Say Their Name: The Story of John H. Crawford III
Disclaimer: In our exclusive series, Say Their Name, DCP Entertainment takes a deeper look into the impact of the assault and killing of unarmed Black people by the police and in ‘Stand Your Ground’ states. We share the stories of families who have been negatively impacted by these situations, as well as memorialize the lives of the individuals who were victimized.. We did not talk to officers or governing bodies—just the families and their support systems. We are not the court of law, nor do we try to be. For legal purposes we are not here to presume guilt or innocence for anyone, because, quite frankly, we do not want to be sued. We simply want to give the families a voice while examining what happens when the hashtags stop and the news unfortunately moves on to the next big story. All we want is to give the families the opportunity to control their narrative and share ways we can all help. While also raising money for the families highlighted in the series.
Note: To avoid confusion, we will refer to John Crawford III as “John” and his father as “John Jr.” throughout this article.
“He was an outdoors kid…He played almost every sport. He did the hockey, baseball, basketball, soccer, football.” That’s how his mom, Tressa Sherrod, remembers her energetic son, John H. Crawford III.
Tressa met John’s dad, John Crawford Jr., through his god-brother. John Jr. was studying sociology and criminal justice at Kentucky State University, and Tressa was working in Cincinnati.
Although he came as a surprise, it wasn’t long before John Crawford III made his debut appearance. He was born at The Christ Hospital in Cincinnati on July 29th, 1992.
John grew up in Cincinnati around his extended family and was fiercely protective of those he loved. His parents describe him as an athletic, fearless kid who didn’t let anyone push him around.

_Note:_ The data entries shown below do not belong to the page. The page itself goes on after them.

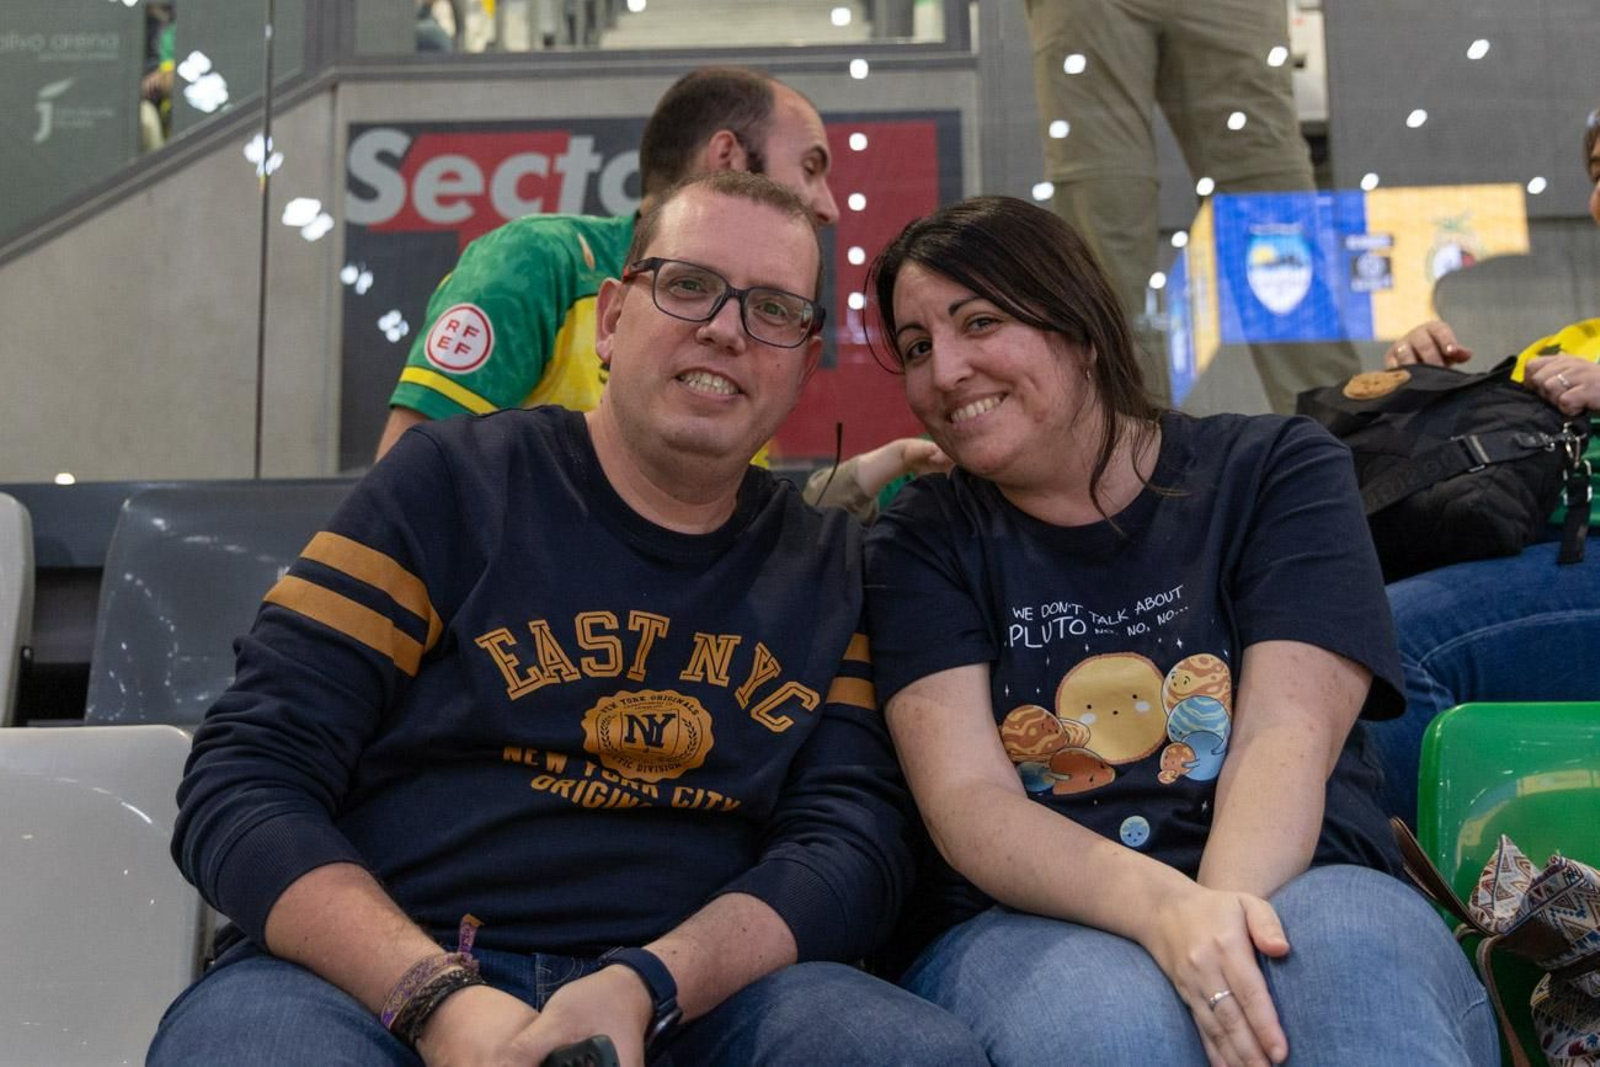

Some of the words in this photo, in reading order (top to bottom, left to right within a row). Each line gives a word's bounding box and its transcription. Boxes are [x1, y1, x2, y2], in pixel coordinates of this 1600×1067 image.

[344, 127, 641, 227] Secto
[1012, 607, 1033, 621] WE
[1041, 601, 1083, 619] DON'T
[1088, 608, 1129, 626] TALK
[1134, 584, 1184, 616] ABOUT
[1009, 616, 1087, 648] PLUTO
[474, 610, 670, 701] EAST
[679, 632, 821, 734] NYC
[624, 713, 677, 749] NY
[636, 762, 682, 774] DIVISION
[530, 774, 653, 809] ORIGIN
[671, 786, 742, 812] CITY

“He excelled in football when he was growing up,” says John Jr. “He played for the Hilltop. He played city league when he was five. And then as he got older, of course he got better and better. And so we had all of these academies and private schools wanting him to play.”

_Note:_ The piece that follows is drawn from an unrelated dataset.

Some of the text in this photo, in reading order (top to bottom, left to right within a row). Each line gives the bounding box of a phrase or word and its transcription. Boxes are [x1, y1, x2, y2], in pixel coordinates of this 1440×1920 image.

Growing up, John spent lots of time with cousins, aunts, and uncles.
“He had a few nicknames, and it was crazy, he’d answer, respond to all of them… Mr. Green Jeans, Trey, Runice,” says John’s aunt, Sharon Brown.
John was a restless teenager. He struggled through his senior year but eventually got his high school diploma. His cousin, Brandon Sherrod, remembers how the two connected around music as young adults.
“Our favorite artist was Project Pat,” said Brandon. “We probably played the same song about a hundred times a day.”
Brandon said John had dreams of becoming a rapper—but appreciated all kinds of music. “His openness to music, it was very wide,” says Brandon. “We listened to rock, a lot of R&B, but he definitely had an ear for music.”
At the age of 20 and then again at 21, John had two sons of his own. He completed a program to get his high school diploma and was planning the next phase of his life.
“He was in a good place. He was proud of himself. He was ready to go, at that time, he was on his way,” says John Jr. “I said, ‘Okay, now you can go to college.’ I said, ‘We’re going to get you prep.’ And actually, he was getting ready to go to Kentucky State.”
On July 29th, 2014, John celebrated his birthday with his dad at a local bar.
“We drank some beer and we played pool, and we hugged and kissed each other,” says John Jr. “I had the best time with my son, man. We really kicked it.”
Exactly one week after celebrating his 22nd birthday with his father and one week before finalizing his enrollment at his father’s alma mater, John Crawford III was killed by Ohio police.
The date was August 5th, 2014. John and his new girlfriend Tasha Thomas decided to go to Walmart in Beavercreek, Ohio. While shopping, John picked up an unpackaged rifle-style toy BB gun. He was holding it at his side while talking on his cell phone with LeeCee, the mother of his children.
“Well, my understanding [is] the police, they received a 911 call saying that there was a black male, six foot tall or taller, angry, pointing a gun at women and children looking like he’s ready to go in the Walmart,” says John Jr.
Another Walmart shopper, Ronald Ritchie, called 911 claiming Crawford had been pointing the gun at fellow customers (security camera footage revealed that John never pointed or waved the toy gun at anyone).
Two Beavercreek police officers, Sergeant David Darko and officer Sean Williams, arrived at the Walmart shortly after getting the call about a “subject with a gun” in the pet supplies area of the store.
“So, [Darko and Williams] entered the Walmart guns drawn. And they stopped two patrons and they asked, ‘Where’s this guy that’s holding up the women and children with the rifle?’ And [the patrons] basically said, ‘What are you talking about?... Sir, ain’t nobody holding up nobody,’” says John Jr.
The officers searched every aisle until they found John. While Sergeant Darko tried to get John’s attention, officer Williams moved around him and, within seconds, shot John from 16 feet away.